Many years ago, after my mother-in-law passed away from failed bypass surgery, hooked up to God knows how many tubes and wires in the ICU, I spent a lot of time thinking about her. And, of course, I still think of her often, regretting her absence in my life.

The other day, while digging through a bunch of papers in my office, I came across the manuscript of a cookbook I wrote in her memory about a year after her death.

She lived her whole life in that small town in western Wisconsin, the daughter of farmers of Norwegian descent, wife to a farmer who immigrated from Denmark, and mother to six children, none of whom wanted to farm when all was said and done.

I first met her in another hospital room, where my future father-in-law lay on a steel-frame bed recuperating from a devastating stroke, surrounded by the green walls so beloved by hospitals at the time, his huge hands positioned carefully on top of a white chenille coverlet, hands that milked cows and harvested corn, year after long year. She hugged me, saying “Welcome” with that Wisconsin accent I’ve never been able to replicate, its undertones of Norwegian or something else, beyond me.

The whole experience of marrying into a family quite unlike my own charmed me, as did the culinary traditions epitomized by my mother-in-law’s two elderly aunts, Lillie and Helga, both bakers of renown, both speaking English with discernible Norwegian accents. For they’d come into the world with the sounds of Norwegian all around them in that small Wisconsin town, English learned only later, in school. They regaled me with stories of how their teachers would smack their hands with rulers if they uttered even a syllable of Norwegian in the classroom.

And they gifted me with handwritten recipe cards for krumkake and sugar cookies and many other traditional Norwegian delicacies.

Before memory escapes me, before memories fade into a mist-like fog, I want to tell their story, and the story of other Scandinavians in Wisconsin.* It is the stuff of memoir.
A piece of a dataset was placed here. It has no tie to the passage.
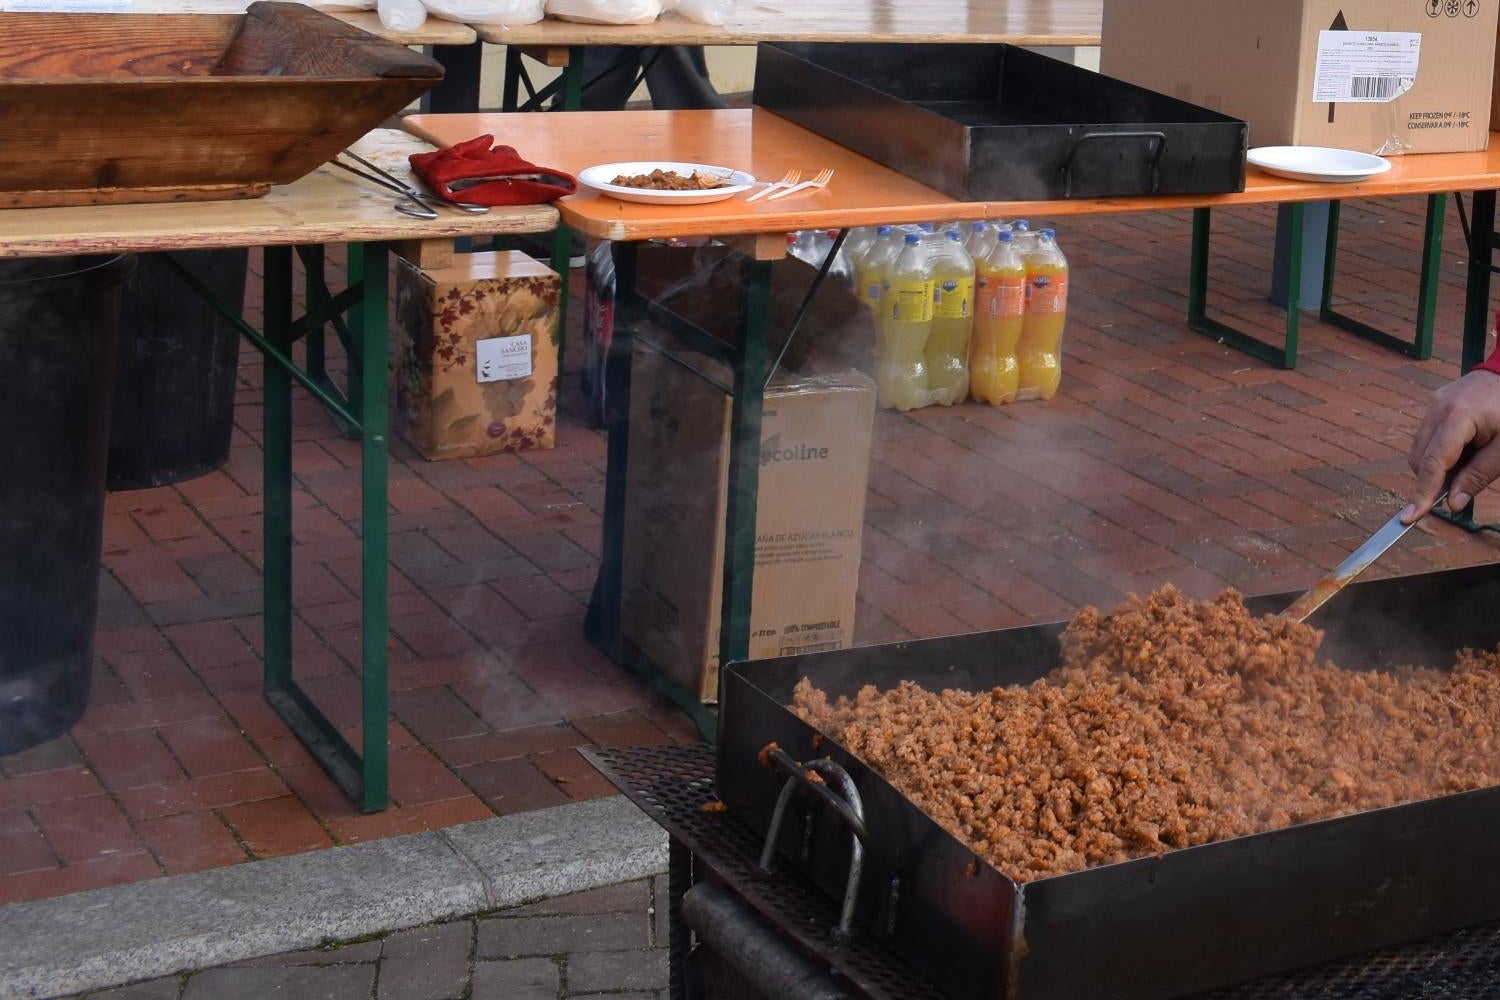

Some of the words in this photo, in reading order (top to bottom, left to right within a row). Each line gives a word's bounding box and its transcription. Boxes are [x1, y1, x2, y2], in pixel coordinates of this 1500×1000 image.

Aunt Lillie’s Sugar Cookies

Sugar Cookies (Photo credit: C. Bertelsen)

Makes about 2 dozen

2 cups flour

1/2 teaspoon cream of tartar

1/2 teaspoon baking soda

1/4 teaspoon salt

1/2 cup unsalted butter, at room temperature

1/2 cup shortening, at room temperature

1 cup granulated sugar

1 egg

1 teaspoon pure vanilla extract

1/4 teaspoon pure almond extract

Extra sugar for sprinkling on top

Preheat oven to 350 degrees F. Sift dry ingredients together and set aside. Cream butter and sugar; add egg, milk, and vanilla and almond extract. Add flour to creamed mixture and mix well, until a soft dough forms. Chill in bowl about 1 hour, covered with plastic wrap. Make small balls of dough about the size of walnuts. Place on lightly greased cookie sheets about 2 inches apart. Using a flat-bottomed glass or other similar tool, grease the bottom lightly and then rub the glass bottom into a small plate of granulated sugar. Press down on each of the balls of dough until the ball is about an 1/8th of an inch thick. Take a fork and mark the center of each cookie with the tines, pressing down almost all the way to the cookie sheet itself. Sprinkle each cookie with sugar. Bake for 8-10 minutes. Do not brown. Sprinkle with extra sugar after removing from oven. Cool on racks until crisp. Freeze if desired.

The Old Family Farm (Photo credit: C. Bertelsen)

*My own family, on my paternal grandfather’s side, can claim German ancestry through his mother, my great-grandmother. She married into an English family with deep American roots. That German family settled near Avoca, Wisconsin sometime in the middle of the nineteenth century.


4 thoughts on “Memories and Memory and Memoir

  1. Thanks for the recipe. And I remember those stinging rulers, too. I was a bit of a talker in elementary school.